Table 3 shows the experimental results of the proposed method compared to the k-means and SOM. It can be observed from Table 3 that the proposed method obtained better results compared to the other methods in terms of RMSE values.

Table 3. Root mean square error of k-means, SOM and our proposed method using slice number 20.

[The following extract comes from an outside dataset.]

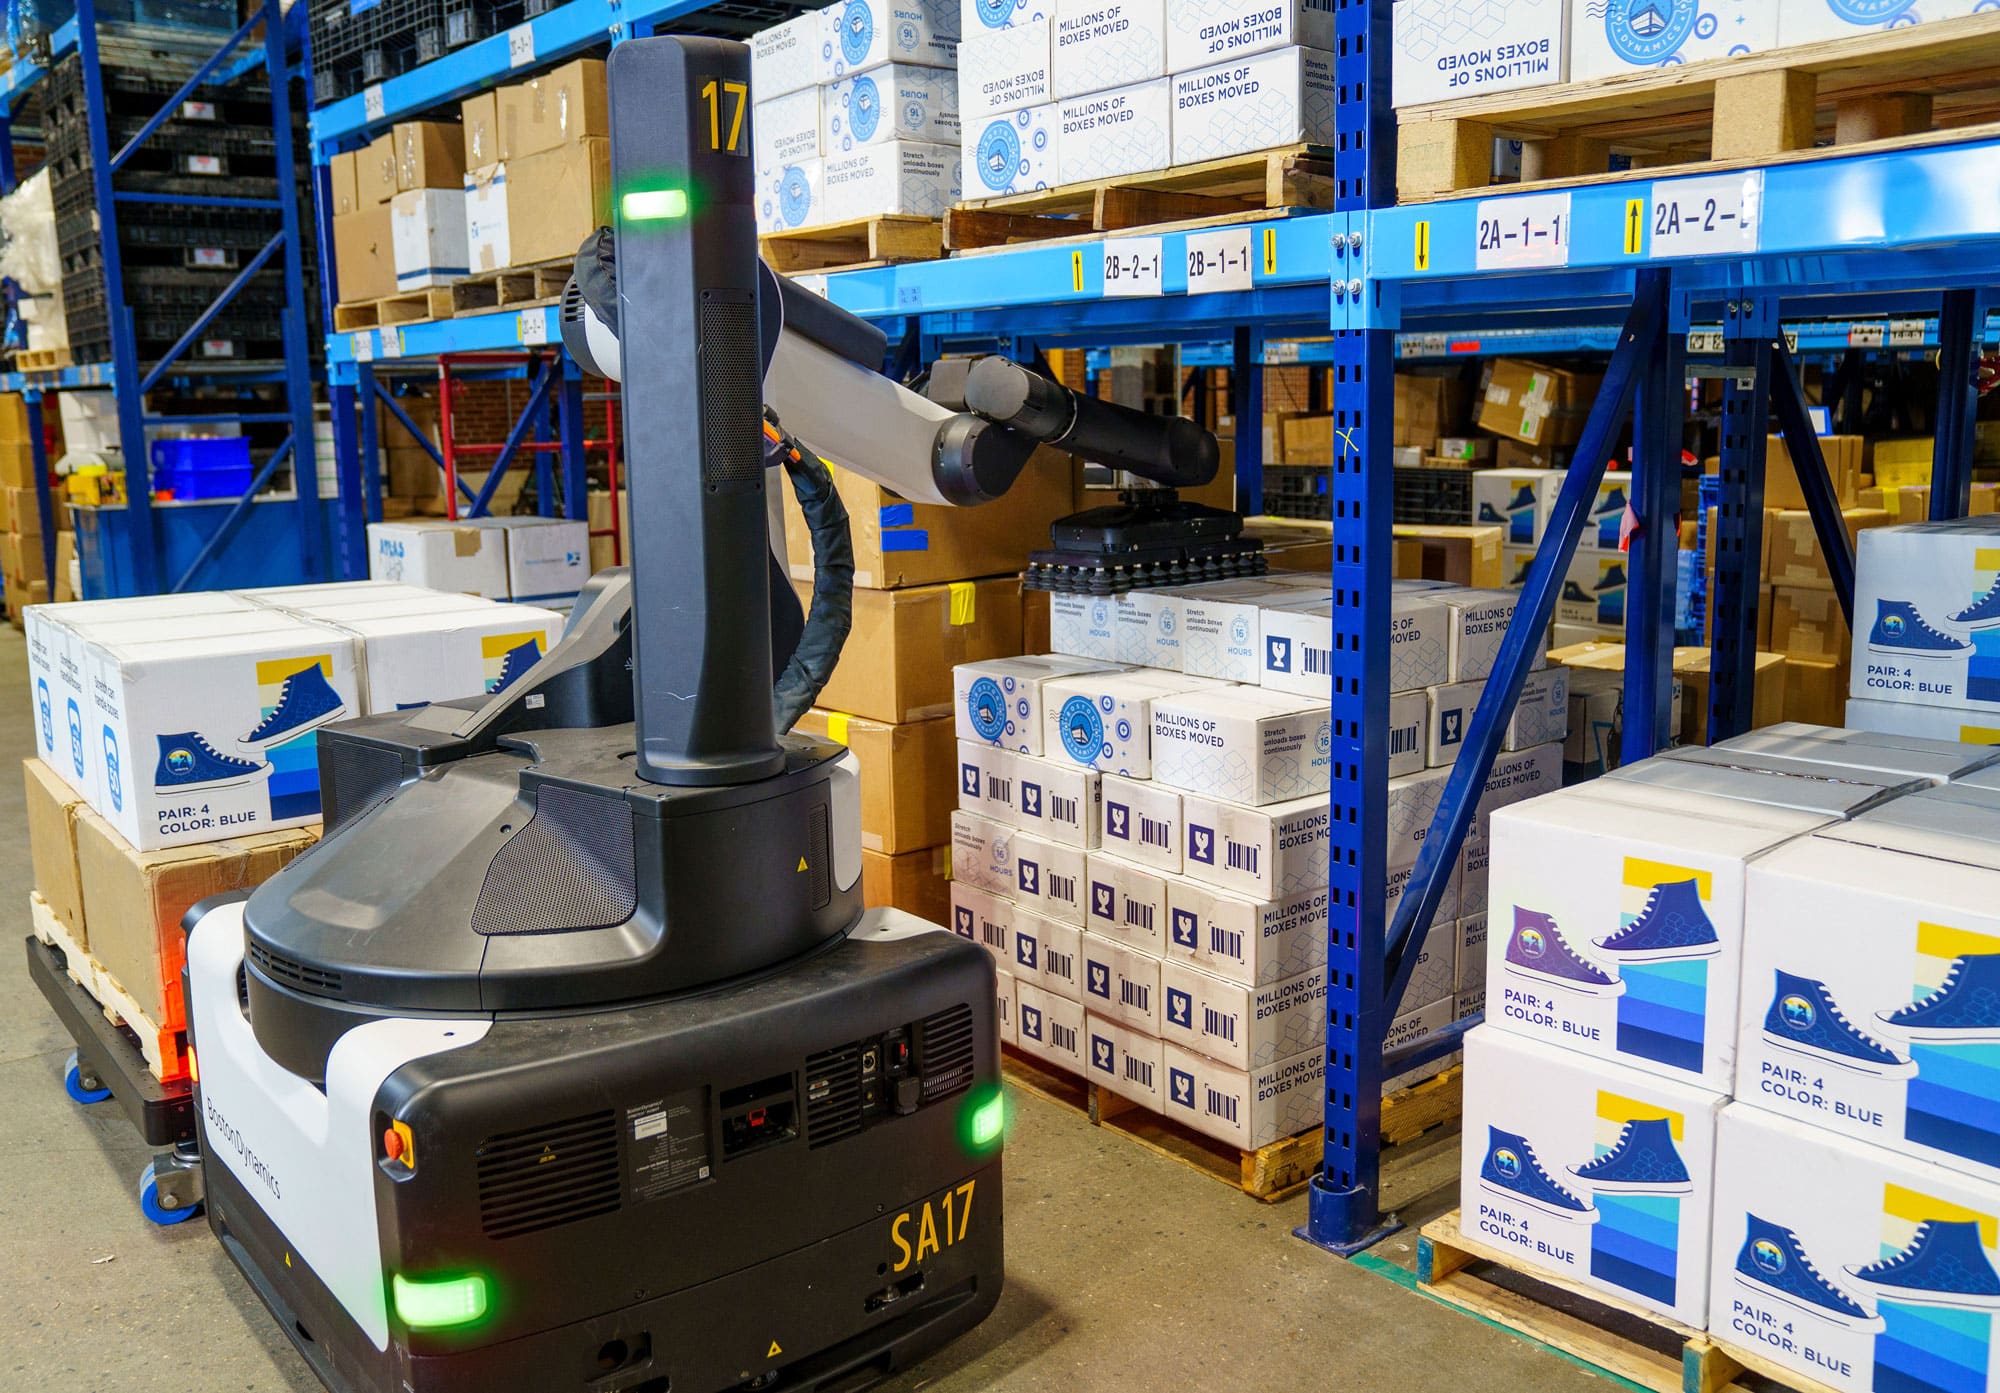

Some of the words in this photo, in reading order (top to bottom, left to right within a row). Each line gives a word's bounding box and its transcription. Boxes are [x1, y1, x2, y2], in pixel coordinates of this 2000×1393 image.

Figures. 1(a) and (b) show the ground truth and segmented images respectively. The resulted image indicates a high degree of similarity with the manual segmented image.

Fig. 1.
figure 1

Subject 202-3, slice 20: (a) ground truth and (b) proposed method.

5 Conclusions

This paper introduced a segmentation method for MR brain images based on clustering techniques and neural network. The method comprises two stages; training and testing. Both stages start with a pre-processing step to improve the image contrast, as the brain structure is not realized by unique intensities in MR images. Then, the brain image is partitioned into objects using the SLIC superpixels algorithm. The training stage involves the training of a NN model that is fed with features extracted from frequencies of pixel intensities and outputs of the two base clustering methods. Our method achieved better results compared to the based clustering according to the three measures of JS, DSC and MSE.